[Free-text object descriptions]
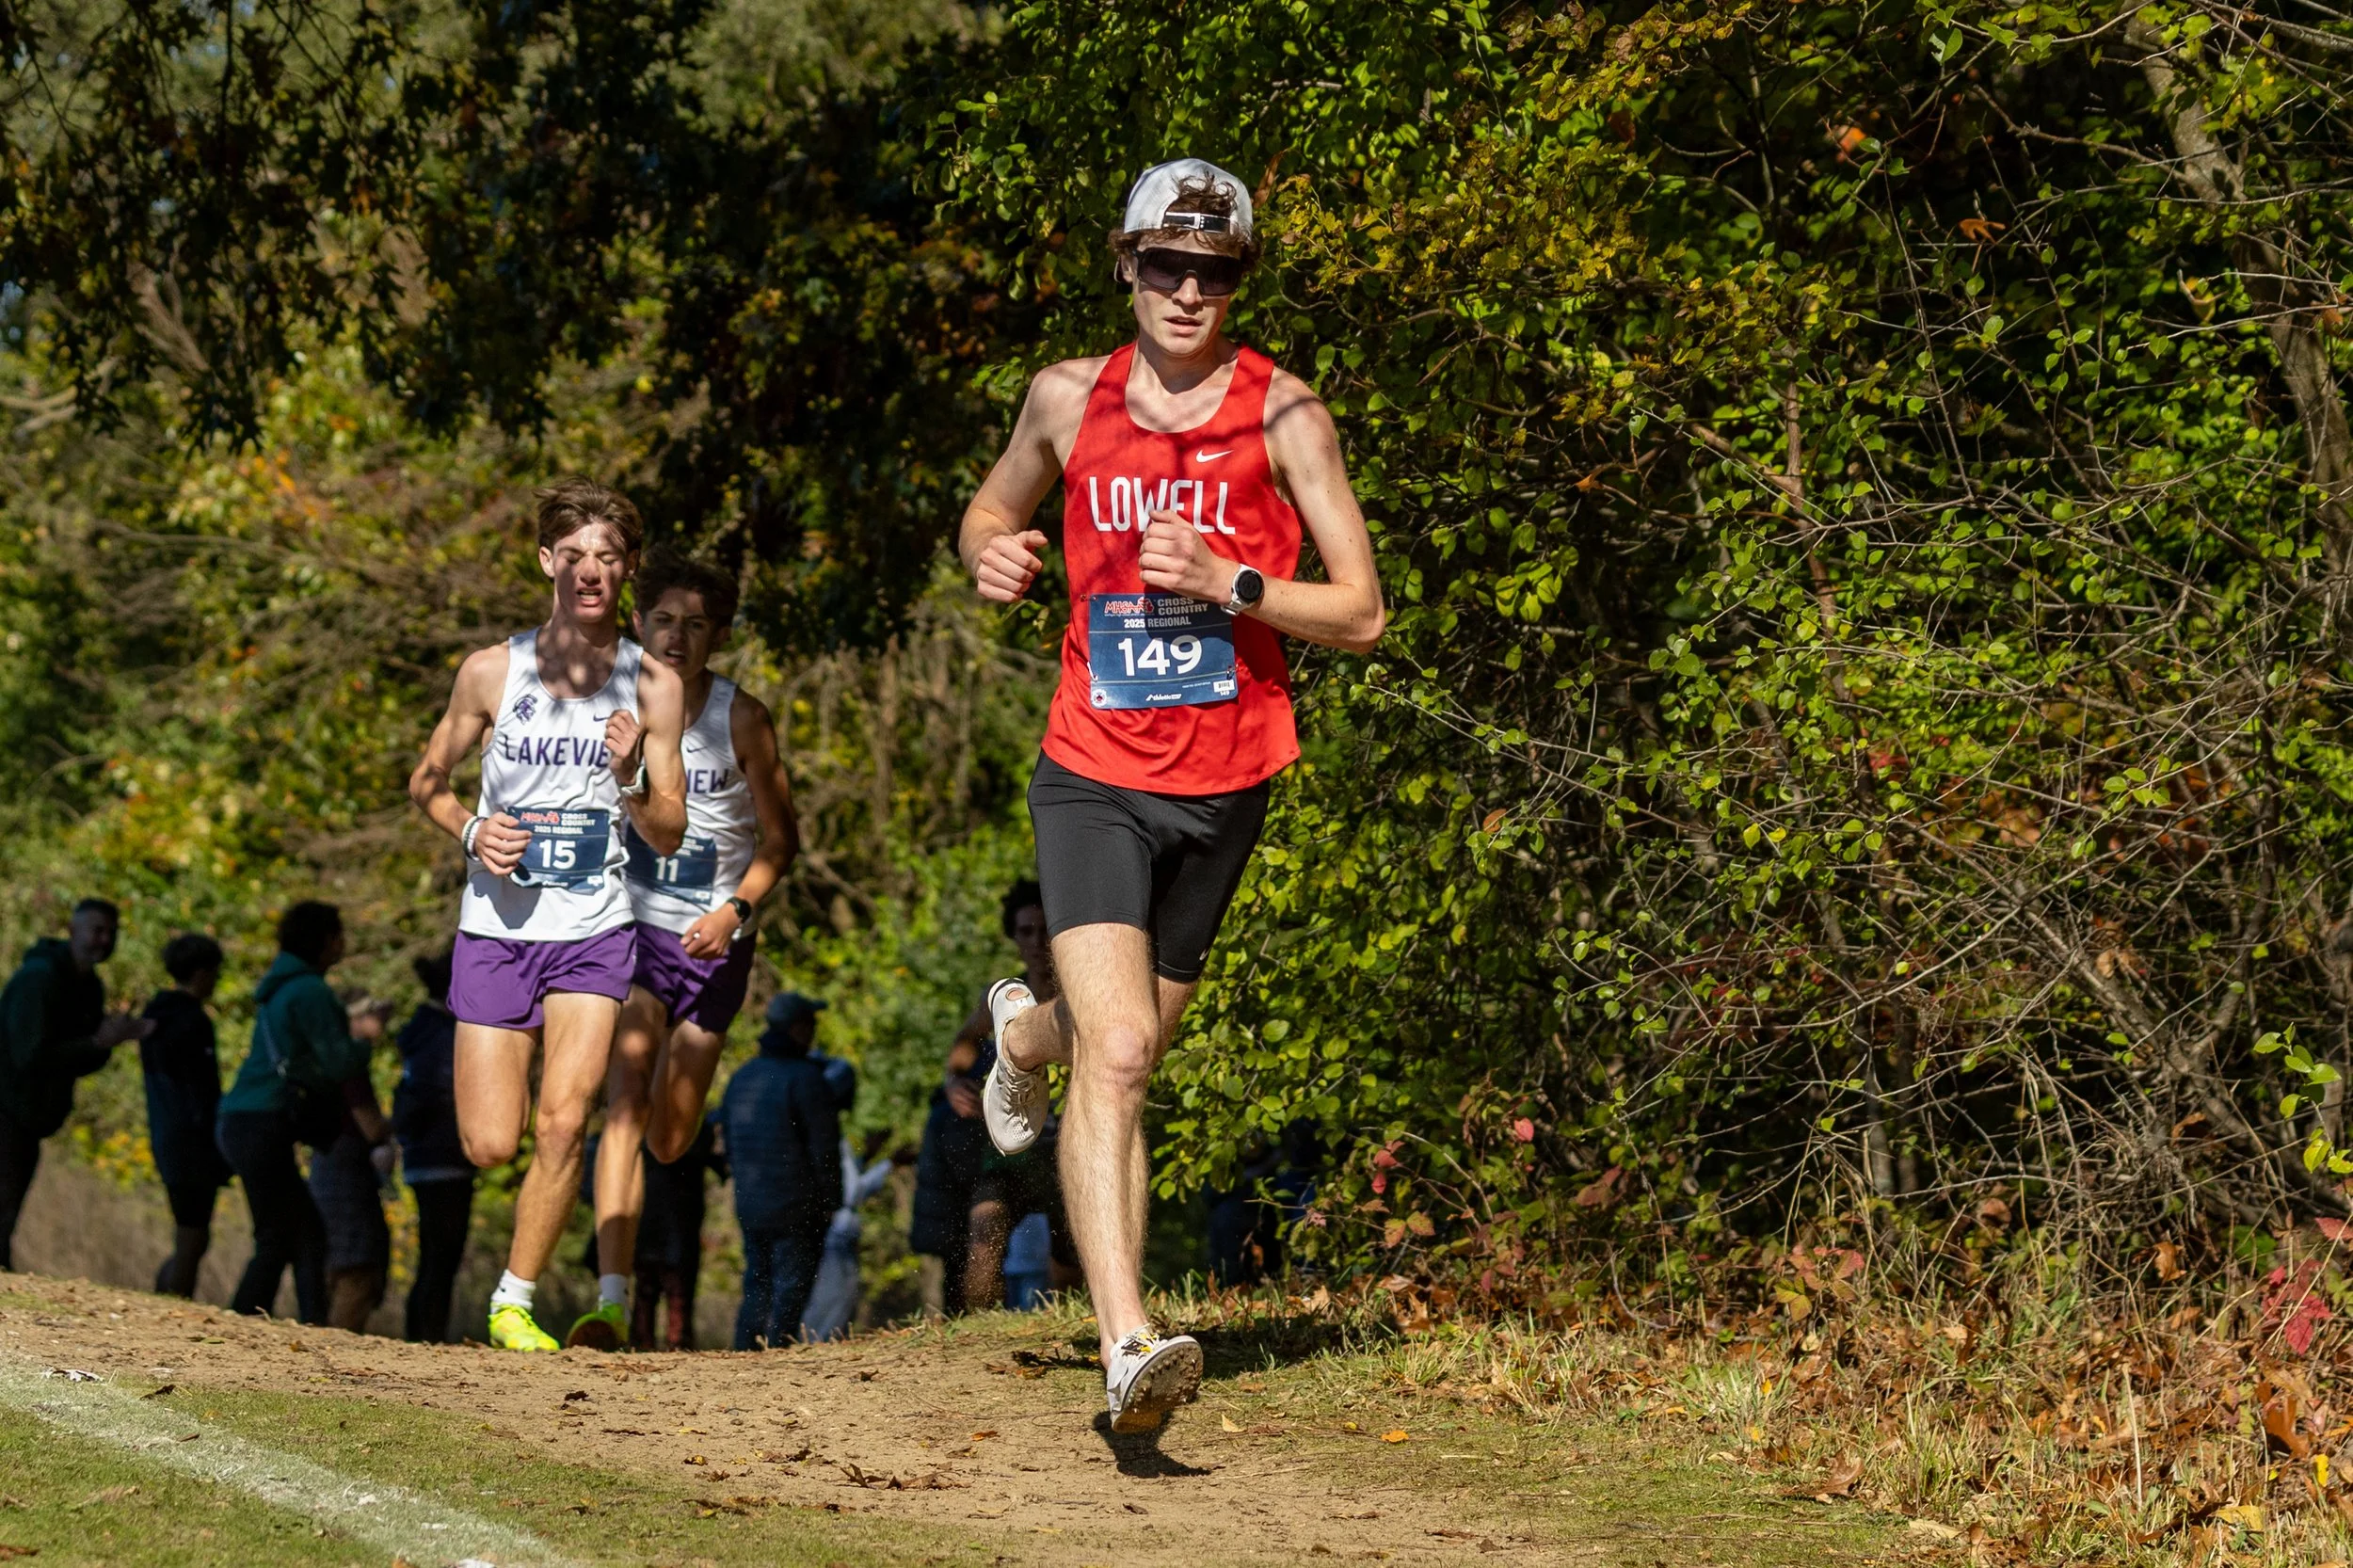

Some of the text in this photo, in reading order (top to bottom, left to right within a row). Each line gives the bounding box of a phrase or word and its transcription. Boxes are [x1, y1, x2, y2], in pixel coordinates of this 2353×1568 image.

[1088, 475, 1236, 536] LOWELL
[1157, 597, 1194, 608] CROSS
[1158, 602, 1209, 616] COUNTRY
[1124, 616, 1192, 629] 2025 REGIONAL
[1117, 634, 1203, 677] 149
[504, 733, 610, 769] LAKEVIE
[538, 839, 578, 871] 15
[654, 856, 680, 883] 11
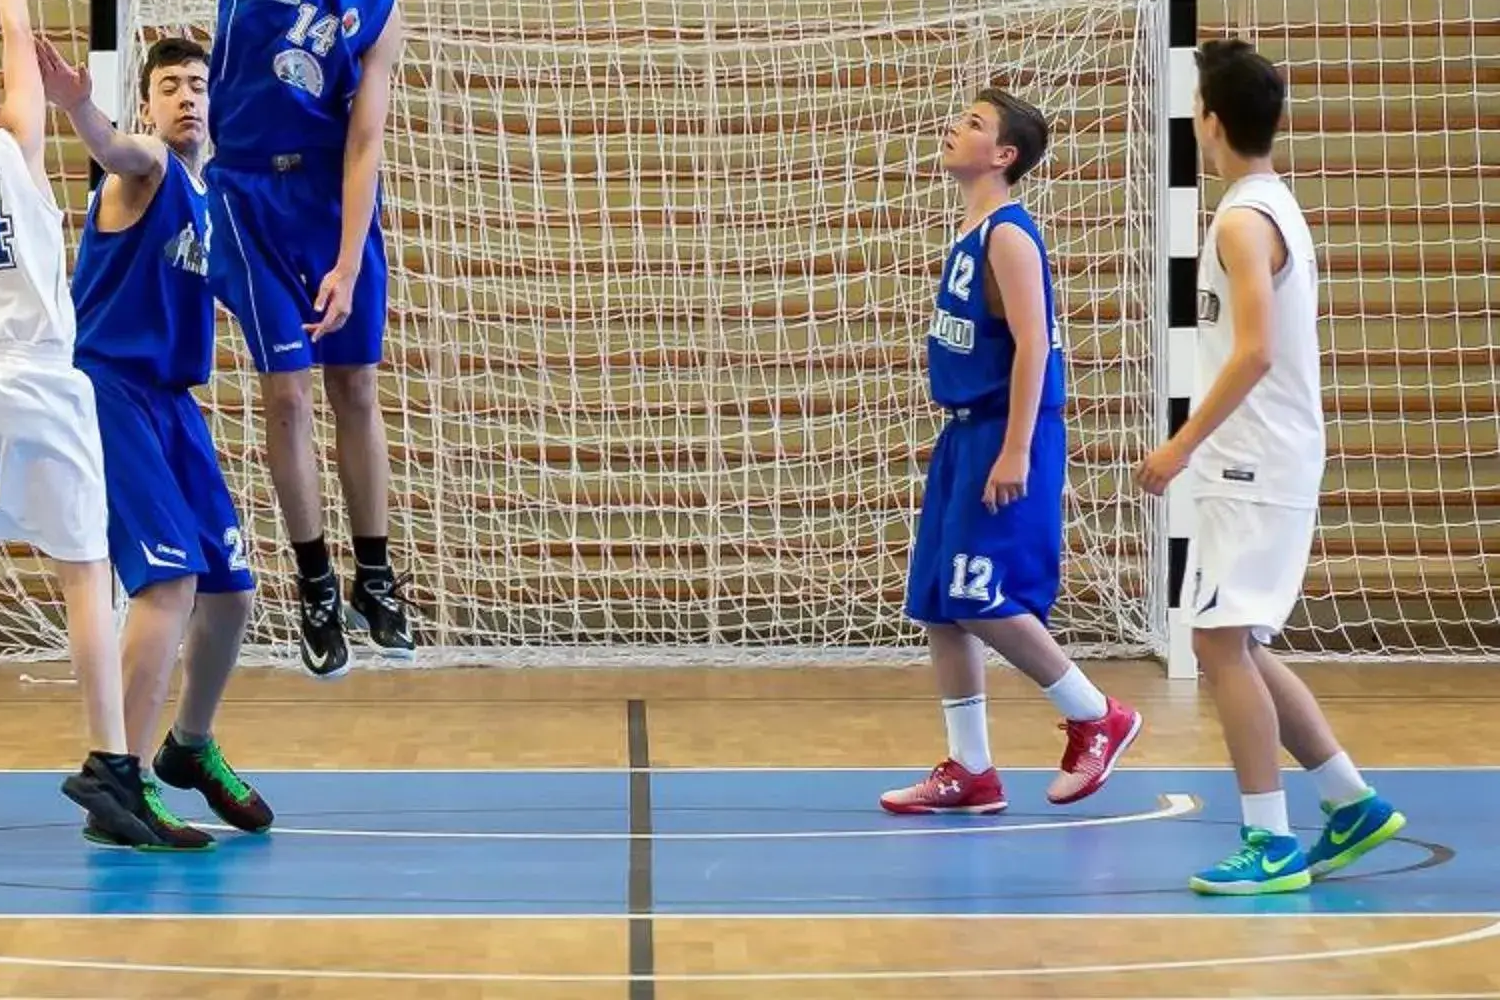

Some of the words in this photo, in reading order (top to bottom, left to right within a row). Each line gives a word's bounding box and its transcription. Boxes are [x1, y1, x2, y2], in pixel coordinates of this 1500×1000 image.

[285, 2, 340, 57] 14
[947, 250, 975, 301] 12
[948, 553, 993, 601] 12
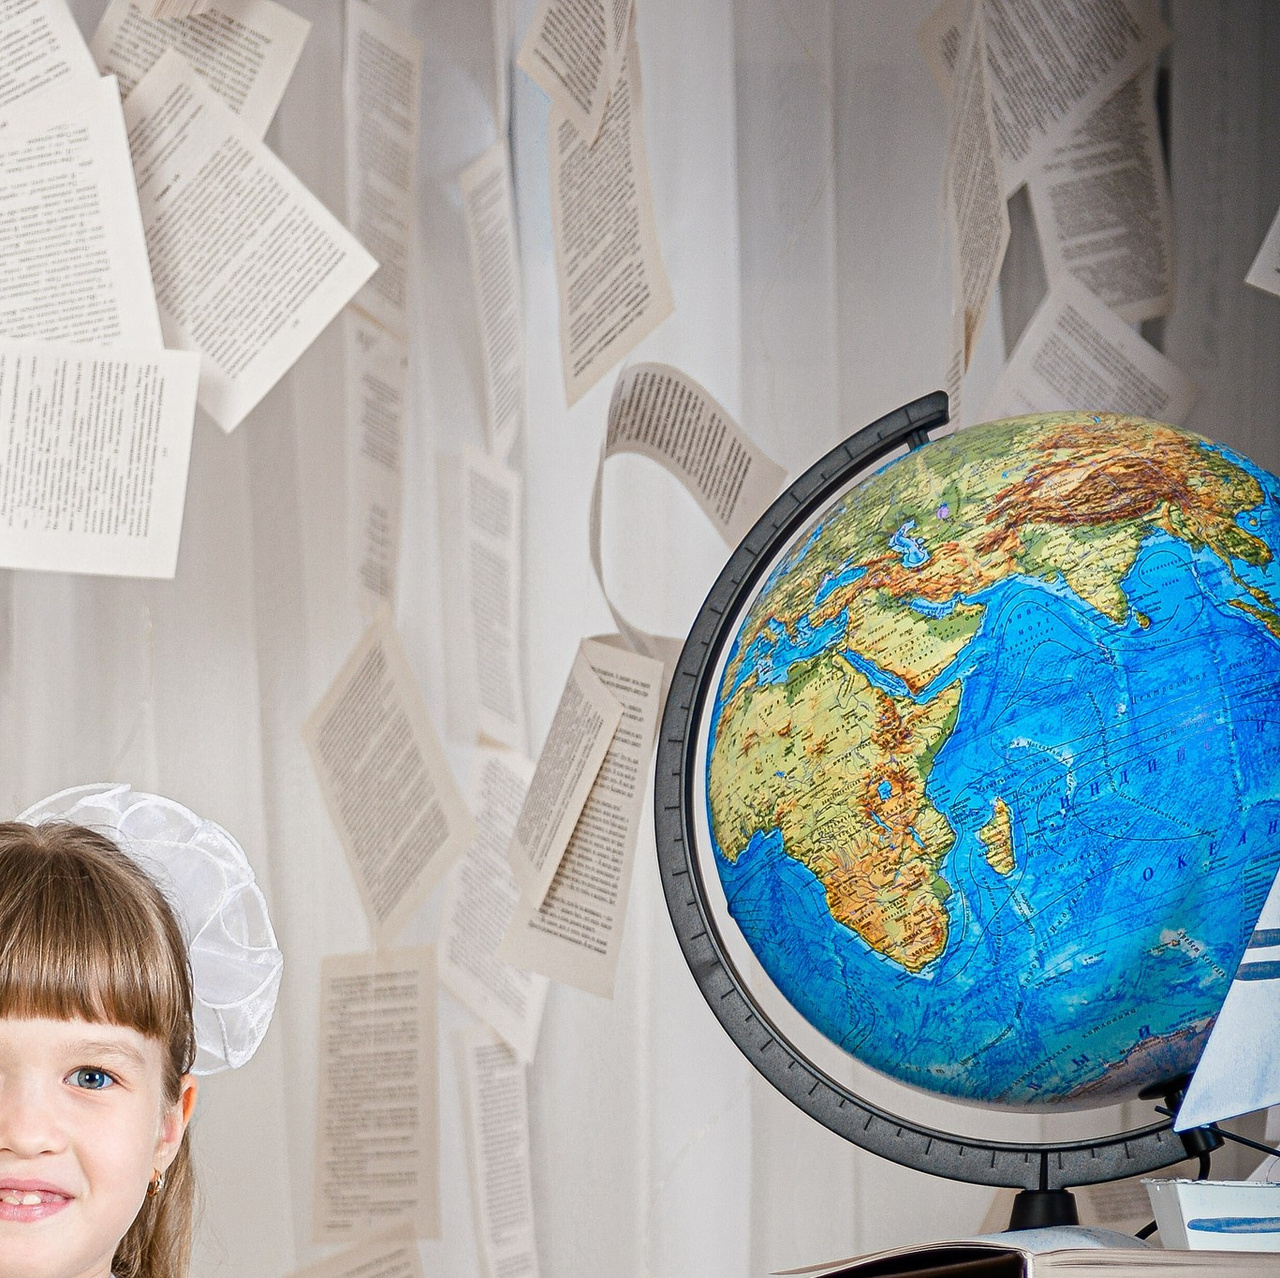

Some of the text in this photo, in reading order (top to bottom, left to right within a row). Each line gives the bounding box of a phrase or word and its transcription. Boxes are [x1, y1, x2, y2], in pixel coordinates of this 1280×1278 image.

[1018, 617, 1051, 635] МОРЕ
[1131, 671, 1208, 705] Центральная
[1142, 819, 1279, 882] ОКЕАН
[880, 897, 907, 914] БОТСВАНА
[911, 943, 934, 957] АФРИКА
[1176, 930, 1201, 954] хребет
[1081, 1008, 1138, 1040] котловина
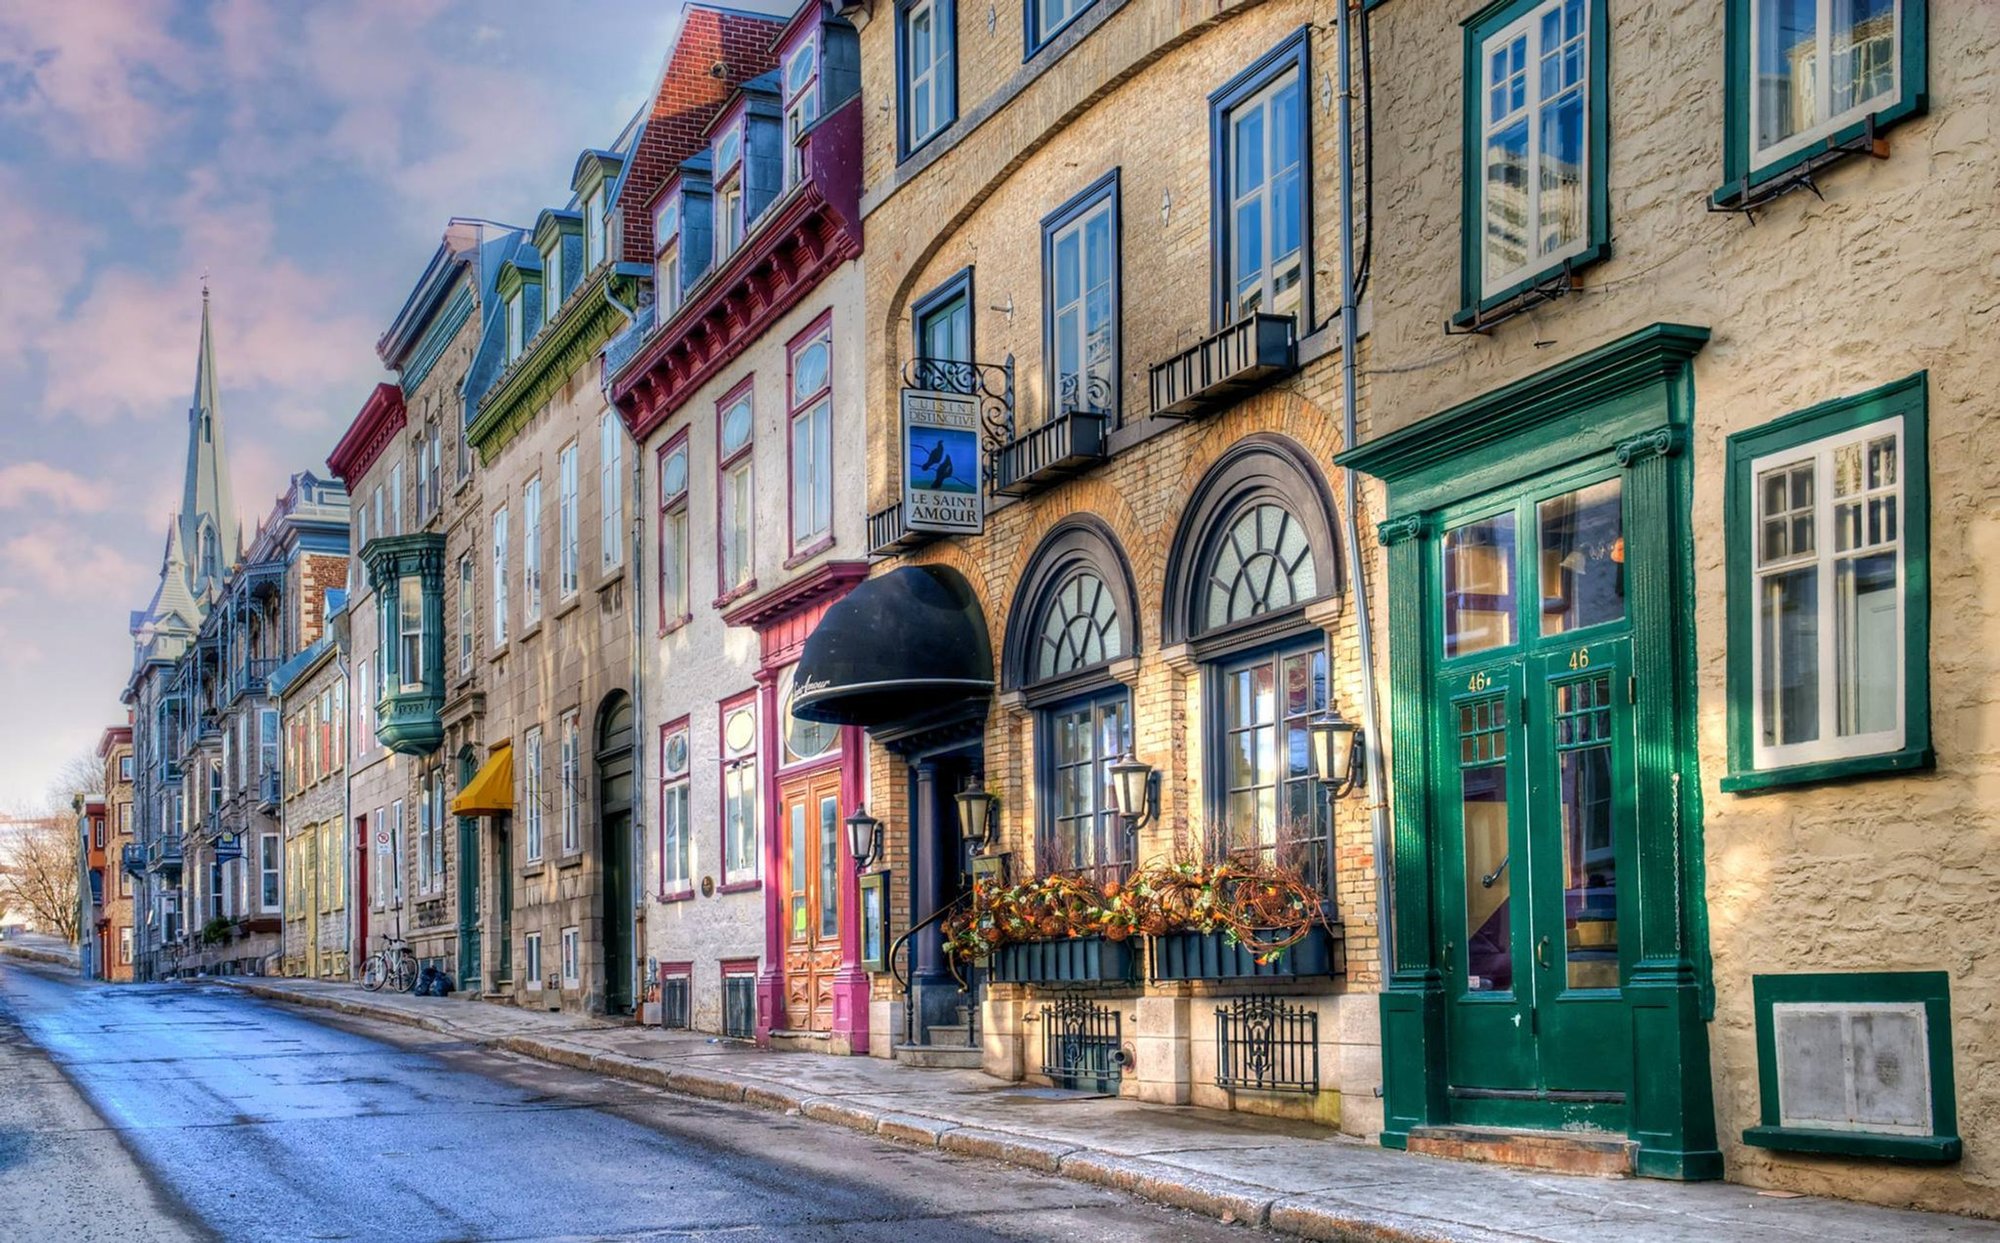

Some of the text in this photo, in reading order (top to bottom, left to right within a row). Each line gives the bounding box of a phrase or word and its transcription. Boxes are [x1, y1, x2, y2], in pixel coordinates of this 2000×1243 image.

[908, 399, 976, 414] CUISINE
[909, 411, 977, 426] DISTINCTIVE
[911, 493, 977, 508] LE SAINT
[911, 506, 978, 523] AMOUR
[1569, 647, 1590, 670] 46

- Work to be completed -
Copy all of the entries verbatim, leaving out any pictures they contain.

- Exercise solution -
Some of the text in this photo, in reading order (top to bottom, left to right within a row). Each line gives the bounding box of a phrase or word and its transcription. Boxes are [x1, y1, x2, y2], in pixel coordinates of this 2353×1568 image.

[1088, 475, 1236, 536] LOWELL
[1157, 597, 1194, 608] CROSS
[1158, 602, 1209, 616] COUNTRY
[1124, 616, 1192, 629] 2025 REGIONAL
[1117, 634, 1203, 677] 149
[504, 733, 610, 769] LAKEVIE
[538, 839, 578, 871] 15
[654, 856, 680, 883] 11

Some of the words in this photo, in reading order (top to bottom, left to right within a row). Each line gives a word's bounding box and its transcription. Boxes are [x1, y1, x2, y2], in pixel coordinates of this 1500×1000 image.

[285, 2, 340, 57] 14
[947, 250, 975, 301] 12
[948, 553, 993, 601] 12

Some of the text in this photo, in reading order (top to bottom, left to right within a row). Each line gives the bounding box of a phrase or word and its transcription. Boxes are [x1, y1, x2, y2], in pixel coordinates of this 1280×1278 image.

[1018, 617, 1051, 635] МОРЕ
[1131, 671, 1208, 705] Центральная
[1142, 819, 1279, 882] ОКЕАН
[880, 897, 907, 914] БОТСВАНА
[911, 943, 934, 957] АФРИКА
[1176, 930, 1201, 954] хребет
[1081, 1008, 1138, 1040] котловина

Some of the text in this photo, in reading order (top to bottom, left to right within a row). Each line gives the bounding box of a phrase or word and its transcription. Boxes are [x1, y1, x2, y2], in pixel coordinates of this 2000×1243 image.

[908, 399, 976, 414] CUISINE
[909, 411, 977, 426] DISTINCTIVE
[911, 493, 977, 508] LE SAINT
[911, 506, 978, 523] AMOUR
[1569, 647, 1590, 670] 46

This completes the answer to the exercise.